Visualize Data with Tableau

Tableau is a commercial tool for exploring and visualizing tabular data.

In addition to making visualizations, Tableau makes it easy to select, filter, group, and describe your data in tables. This can be easier than the same operations in a Python/R/SQL REPL with Spark.

If you have Tableau installed on your laptop, you can connect it to your Spark cluster on an HPC.

In addition to Tableau, you must install this ODBC driver on your laptop. It may require admin privileges.

Concepts

Configuring this workflow has some complexity, and so it is important that you understand what’s going on.

Components

  • Thrift Server: Connects SQL clients (like Tableau) to the Spark cluster over the network.
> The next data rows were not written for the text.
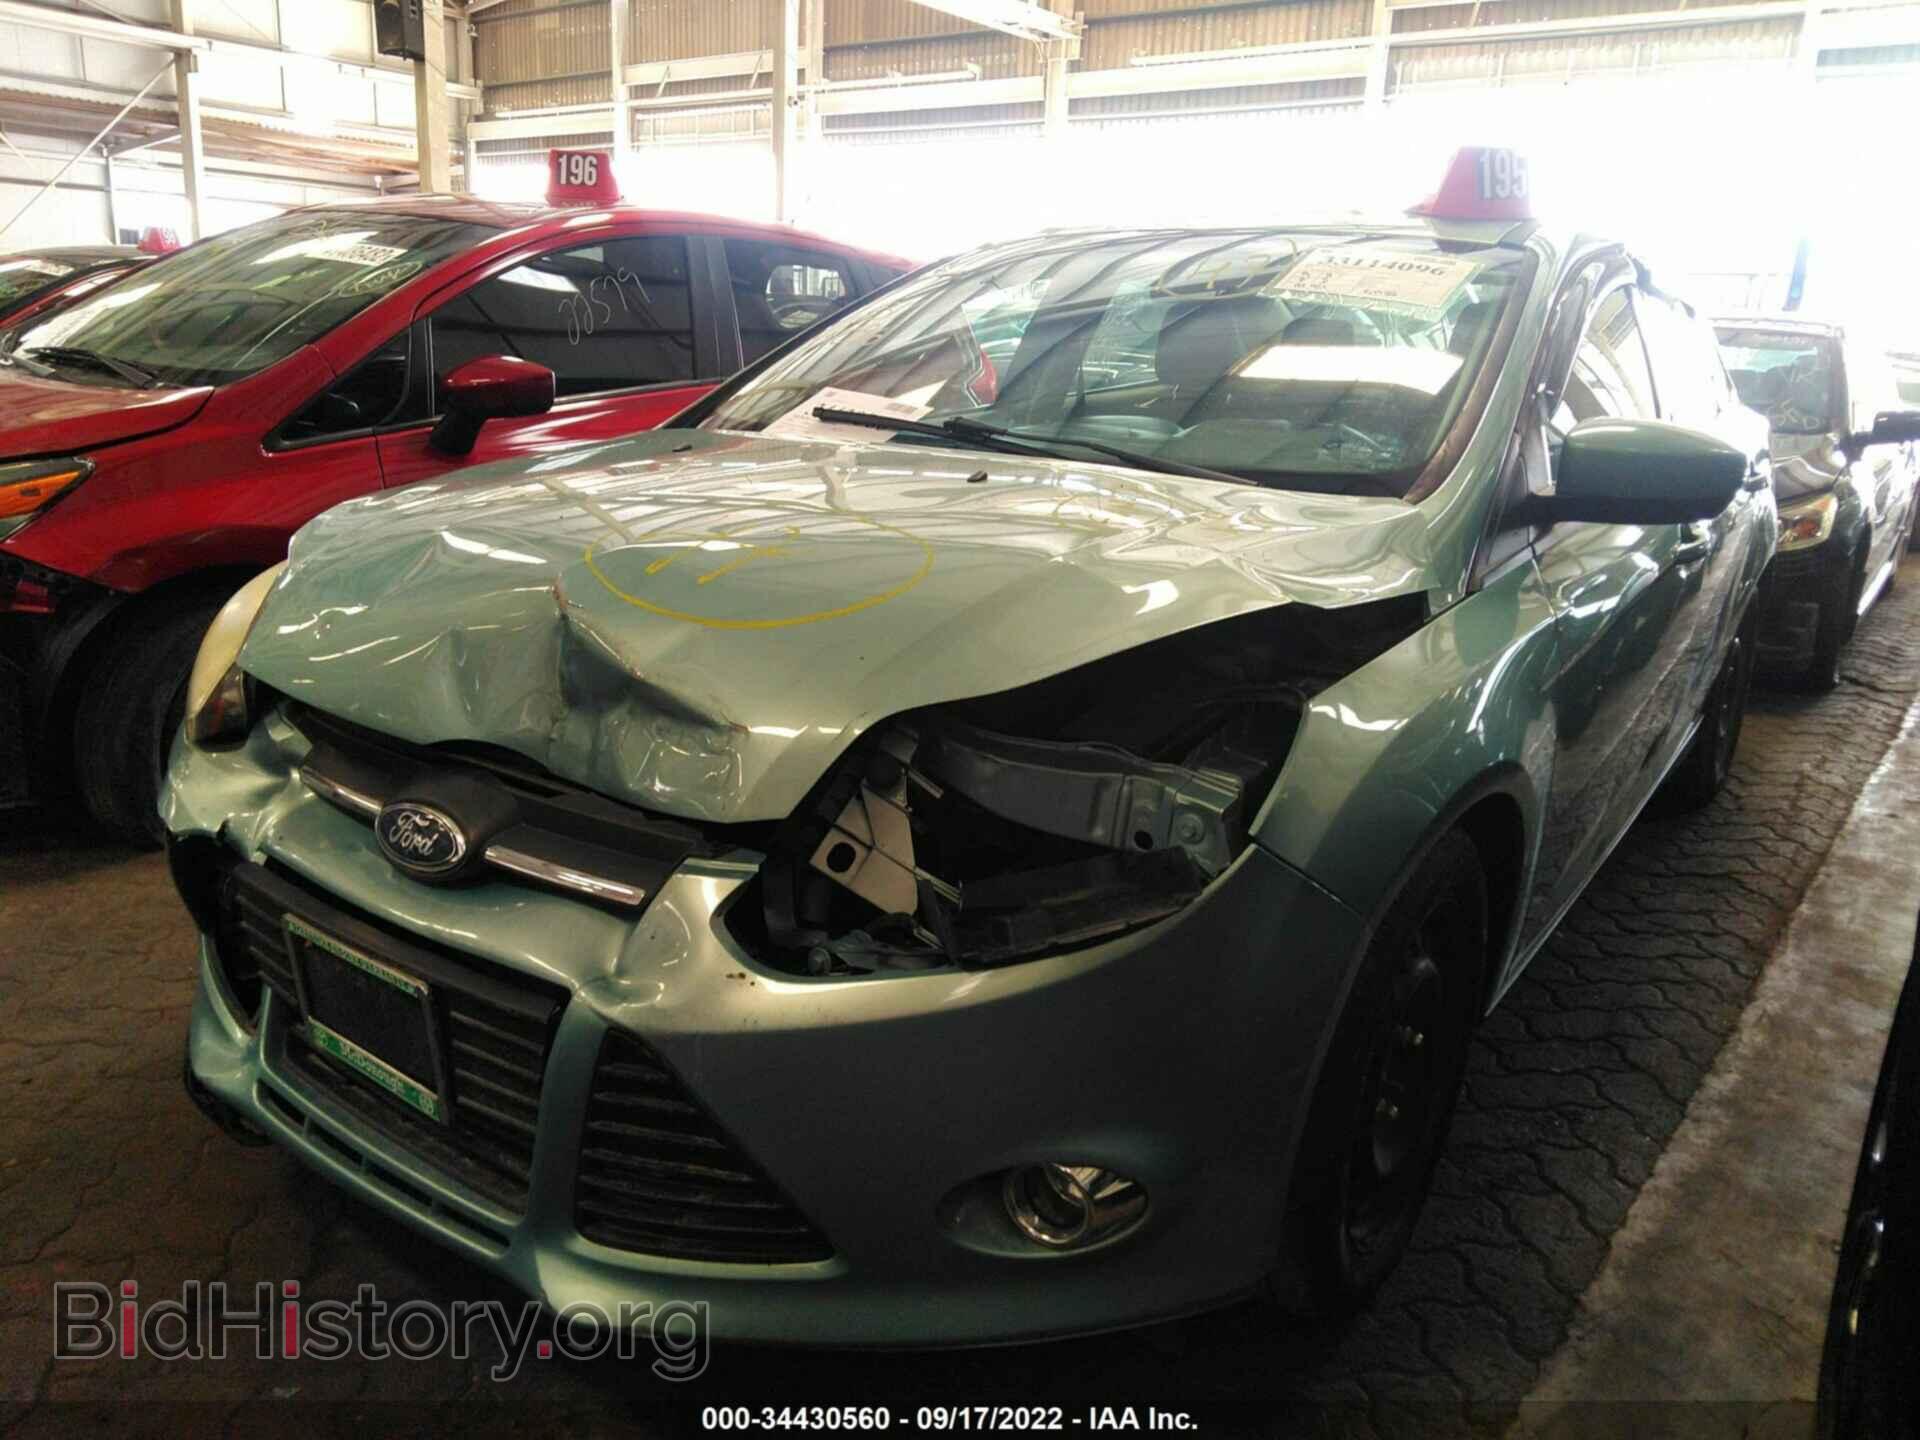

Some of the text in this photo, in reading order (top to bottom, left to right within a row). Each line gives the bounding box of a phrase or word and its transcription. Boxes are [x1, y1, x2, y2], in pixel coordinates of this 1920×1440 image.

[558, 154, 598, 186] 196
[1479, 149, 1528, 200] 195
[389, 811, 440, 856] Ford
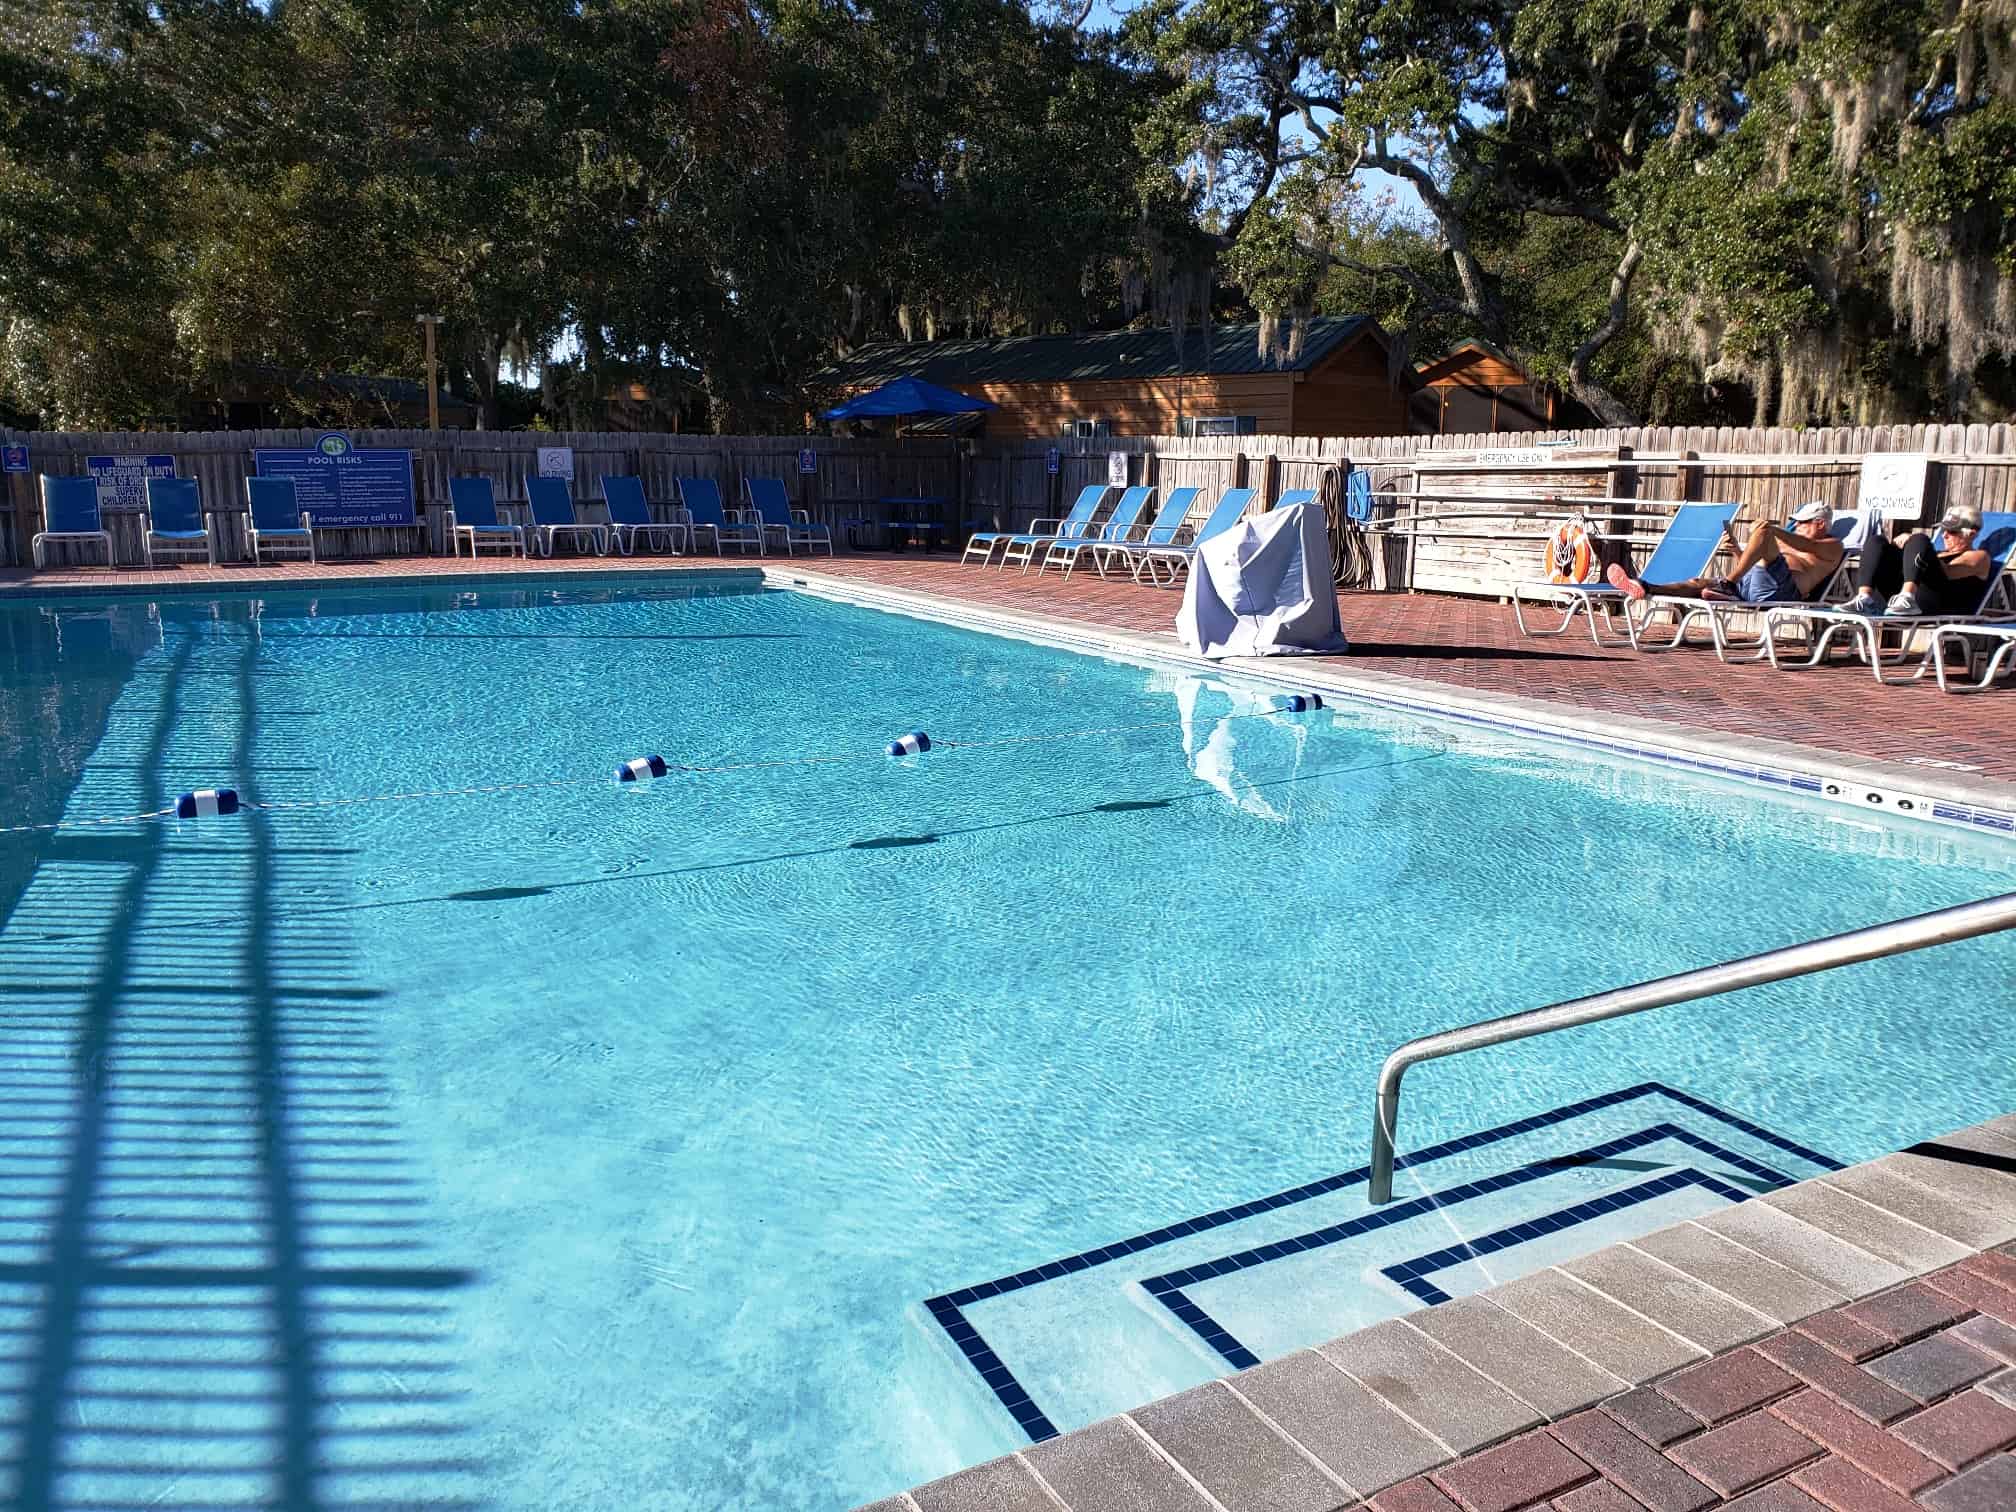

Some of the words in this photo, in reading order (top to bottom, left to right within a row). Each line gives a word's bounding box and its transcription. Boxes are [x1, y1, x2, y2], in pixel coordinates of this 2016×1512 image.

[113, 455, 147, 466] WARNING
[307, 456, 334, 465] POOL
[336, 455, 363, 465] RISKS
[89, 465, 100, 477] NO
[102, 465, 142, 477] LIFEGUARD
[143, 465, 154, 477] ON
[155, 464, 173, 476] DUTY
[102, 495, 137, 505] CHILDREN
[1865, 496, 1879, 508] NO
[1881, 496, 1915, 509] DIVING
[318, 513, 369, 523] emergency
[370, 510, 387, 521] call
[388, 512, 403, 521] 911
  • Hive Metastore: Created by Spark in your working directory on the Lustre filesystem.

  • PostgreSQL database: Database for the metastore that supports multiple Spark sessions.

  • Data sources: Parquet/CSV files on the shared filesystem.

  • Views: Read-only views into the data sources that get registered in the database.

Workflow

  1. Start a Spark cluster with a Thrift Server using a PostgreSQL-based Hive metastore.

  2. Create one or more views into your data sources. This will create the metastore in the current directory by default.

  3. Connect with a SQL client and send queries.

Compute Node Instructions

  1. Acquire one or more compute nodes. The rest of this section assumes that you are logged into the head node of the Slurm allocation.

  2. Start the Spark cluster.

    $ sparkctl configure --postgres-hive-metastore --thrift-server
    $ sparkctl start
    
  3. Export the environment variables SPARK_CONF_DIR and JAVA_HOME as shown on the console.

  4. Create one or more views. These examples show how to create one view on the command line and how to create several views in a batch process.

    Suppose that your data sources are located at /projects/my-project/data.

    Create one view. (Note the backslashes that prevent the shell from acting on the backticks.)

    $ spark-sql -e \
        "CREATE VIEW my_view AS SELECT * FROM parquet.\`/projects/my-project/data/table1.parquet\`"
    

    Create several views.

    Add lines like these to a text file called views.txt:

    CREATE VIEW my_view1 AS SELECT * FROM parquet.`/projects/my-project/data/table1.parquet;`
    CREATE VIEW my_view2 AS SELECT * FROM parquet.`/projects/my-project/data/table2.parquet;`
    CREATE VIEW my_view3 AS SELECT * FROM parquet.`/projects/my-project/data/table3.parquet;`
    

    Execute the commands with spark-sql.

    $ spark-sql -f views.txt
    

Client-side Instructions

  1. Create an ssh tunnel from your laptop to the compute node running the Thrift Server (the head node in the Slurm allocation).

    Replace the text below with your compute node and username.

    $ ssh -L 10000:x3000c0s25b0n0:10000 jdoe@kestrel.hpc.nrel.gov
    
  2. Open Tableau and connect to a new data source. Choose the Spark SQL connector installed above. It may be listed in the Connect window under To a Server after selecting More....

  3. A Spark SQL window will open. Choose these settings:

    • Connection = SparkThriftServer (Spark 1.1 and later)

    • Server = localhost

    • Port = 10000

    • Authentication = Username

    • Password: leave blank

  4. Click Sign In. A Tableau workbook will open with a connection to localhost.

  5. Select the Schema dropdown, type default and click the plus button.

  6. A Table section will open. Click the search button next to Enter table name. Tableau should discover the tables in your database and list them. Double-click on one.

Persistent metastore and spark-warehouse

The default locations of the metastore and spark-warehouse are in your current directory. You will notice the directories metastore_db and spark-warehouse.

If you have a set of static tables that you use frequently, you may want to create a persistent metastore and spark-warehouse. You can set these locations with a custom option.

$ sparkctl configure --metastore-dir <your-path>

You may notice that this updates the files conf/hive-site.xml and conf/spark-defaults.conf.

All tables and views that you create will be available to any cluster started this way.